私はそれに驚き、減速しようとする。…が、
「闇」は、私を迎えるようにその真中から縦に裂け、左右に開いていった。
…それは「闇」では無く、線路上に突如現れた巨大な「黒い門」であったのだ。
何故、突然この門は存在したのか。
何故、わざわざ私を迎えるようなことをしたのか。
私は疑問の中、僅かに減速しつつ、その門の間を滑るように走行していった……。

夢が切り替わる。
レイは血まみれで動かなくなったアリエッタを見つめていた。
降りしきる雨が流れ出る血と混ざり、地面に流れていく。
 …その日、レイは夜中にこっそりと、アリエッタが寝息を立てる中、巣穴から一人抜け出した。
今日が特別な日だったからだ。
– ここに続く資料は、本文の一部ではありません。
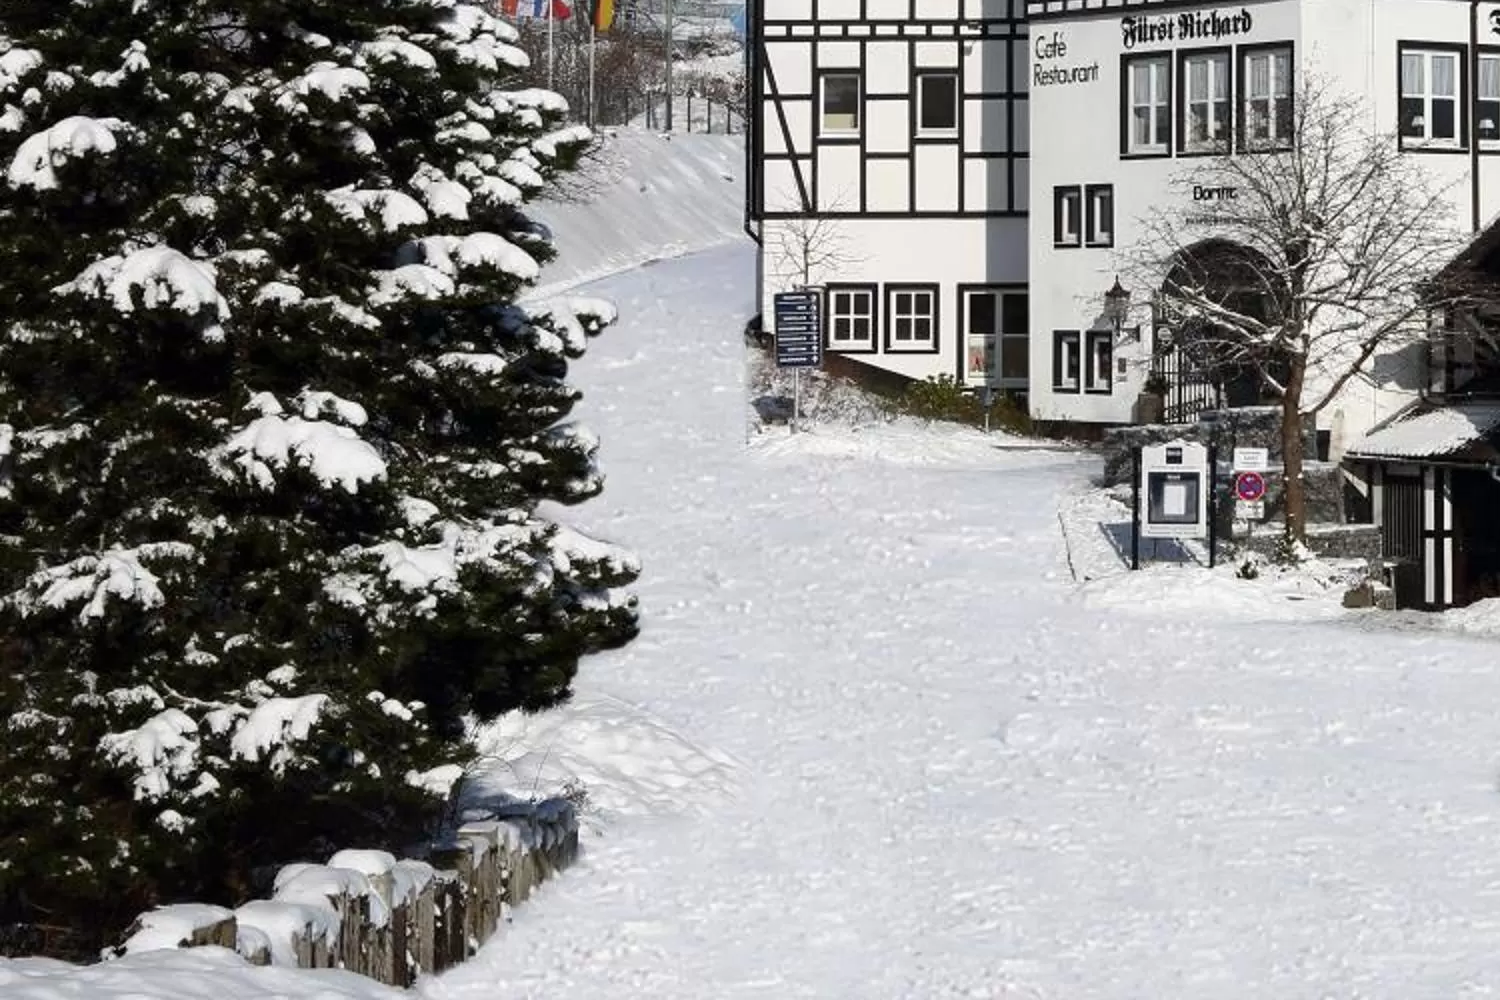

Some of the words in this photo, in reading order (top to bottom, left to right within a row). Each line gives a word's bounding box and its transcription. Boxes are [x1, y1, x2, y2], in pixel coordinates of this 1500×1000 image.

[1122, 15, 1175, 48] Fürst
[1178, 8, 1252, 40] Richard
[1035, 31, 1067, 59] Café
[1033, 63, 1099, 87] Restaurant
今日はレイとアリエッタが出逢ってからちょうど一年となる日だった。
その記念すべき日に、レイは彼女に何か贈り物をしようと、森の中を明朝まで出歩いたのだ。
収穫はあった。
朝靄の湖の畔で、黒い花びらのバラが美しく咲き誇っていた。
レイは躊躇せずにそれを銜え、愛しき恋人の待つ巣穴へと駆け出していった。
もうじき朝になると言うのに朝日は届かず、代わりに灰色の雲が空を覆いその露を落とし始めた。
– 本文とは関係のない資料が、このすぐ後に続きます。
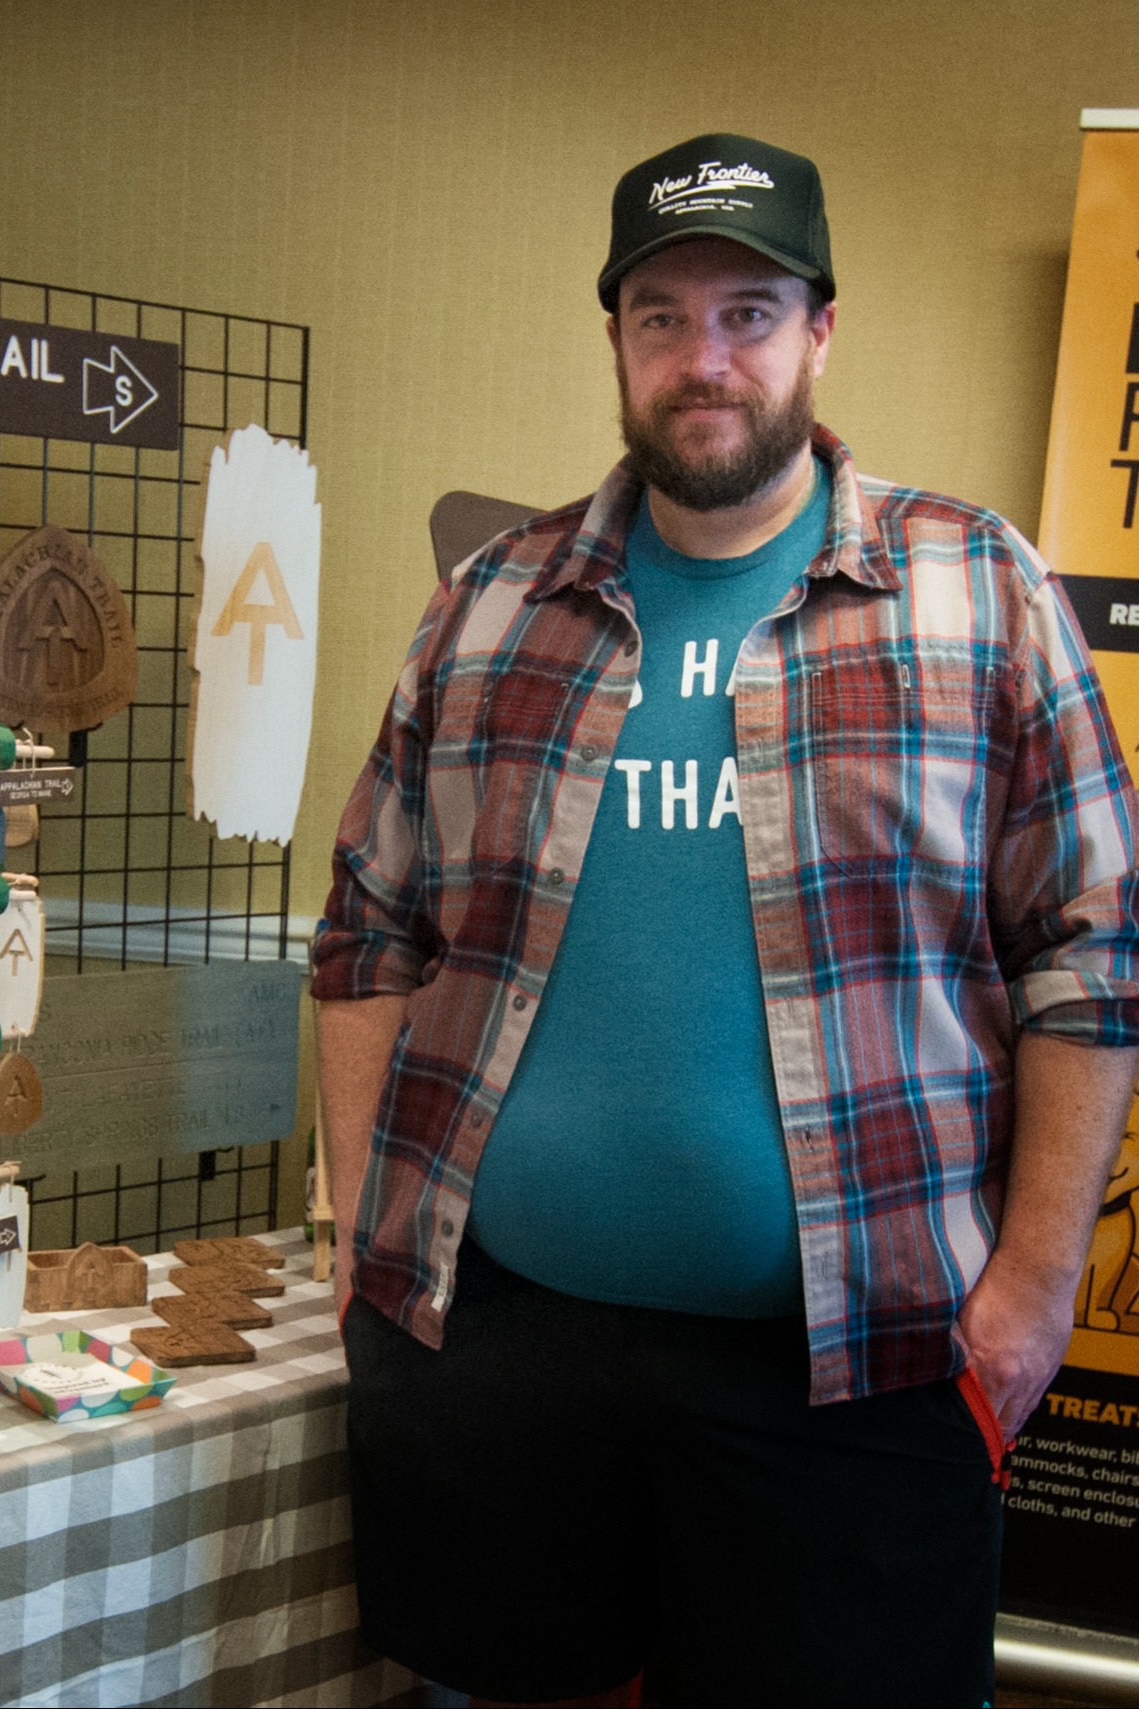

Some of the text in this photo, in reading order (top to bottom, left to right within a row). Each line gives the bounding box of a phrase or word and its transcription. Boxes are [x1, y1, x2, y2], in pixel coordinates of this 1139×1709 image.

[648, 161, 774, 205] New Frontier
[115, 375, 133, 407] S
[209, 541, 306, 686] AT
[0, 778, 63, 792] APPALACHIAN TRAIL
[1046, 1393, 1139, 1428] TREAT
[1035, 1438, 1118, 1463] workwear,
[1027, 1479, 1081, 1498] screen
[1007, 1495, 1059, 1517] cloths,
[1060, 1505, 1092, 1521] and
[1093, 1510, 1137, 1528] other
レイは雨粒に黒バラが濡れぬようにと、休みもせずに自分の巣穴のある大樹へと急いだ。
 大樹の元へ近づき、レイは違和感を感じ一瞬立ち止る。辺りに妙な匂いが立ちこめていた。
…血の匂いだ。
僅かだが大樹の方から血の匂いがしていた。
レイは考える間もなく走り出し、大樹の根本へと一気に近づく。
 …そこに、アリエッタはいた。
その黒い身体から血を流し、力無く巣穴の前で横たわっていたのだ。
アリエッタは、いつの間にかレイが巣穴から姿を消しているのに気が付き、
心配でいられなくなり、つい巣穴から出てしまったのだ。
そこに、運悪く…本当に運が悪く、たまたま、野犬に襲われてしまったのだ。
野犬は空腹ではなかったのか、それとも単に襲いたくなったから襲っただけなのか。
その真意は解らないが、野犬はアリエッタをその胃袋におさめることはなかった。
しかしその代わり、腹部に致命的な傷を負わせていった。
 レイは呆然としながらもアリエッタの身体を揺さぶっる。
彼女はもう息を引き取ってもおかしくないほど出血をしていた。
しかしそれでも、愛する者の帰りを待つ為、彼女は必死で意識を保っていた。
最後の意識の中、アリエッタは自らの夫と、彼の銜える黒いバラを見て微笑み。
そして、目を、閉じた。
225魔列車 ◆MIST/TWNhA :2005/11/08(火) 14:35:58

大樹にたどり着いた赤い小鳥は、躊躇せずに根本に開いた穴へと入っていった。
彼の友人…、その年老いた白いウサギは出会ったときからこの中でいつも眠っていた。
それはまるで死を待つ老人のように…。
小鳥はつい先ほど見た「門」の事を早速話そうと眠るウサギに近寄った。
小鳥はウサギに近寄り、…そして首を傾げ…、…理解した。
ウサギは既に息をしていなかった。
しかし、その表情眠るように、安らかであった…。
小鳥は、友人との別れに涙を一粒流した。
そして、友の傍らにあったそれを…、
もう、枯れてしまっていたが、友が何より大切にしていた黒いバラの花を、
眠る友の手にそっと添えると、名残惜しそうに巣穴から飛び去っていった…。


不意に、客車の中で動く影があった。
その影は二つ、しかし人間のそれにしてはあまりにも小さかった。
…それは二羽の兎であった。
その兎は片方がまるで光のように輝く白い毛色で、
もう片方は対照的に、黒曜石のように美しい黒い毛並の兎であった。
彼らは夫婦であるのだろうか。
お互いが寄り添うように、座席の上で静かに眠っていた。
そして……誰かが持たせたのだろうか?
白い兎のその手に、黒い美しいバラの花が添えられていた……。
(私には、まだ、こうして走り続けることに意味があるようだ…)
私は確信すると、幸せそうに眠る夫婦を起こさぬよう、
僅かに走る速度を緩め、霧の森を進んでいった……。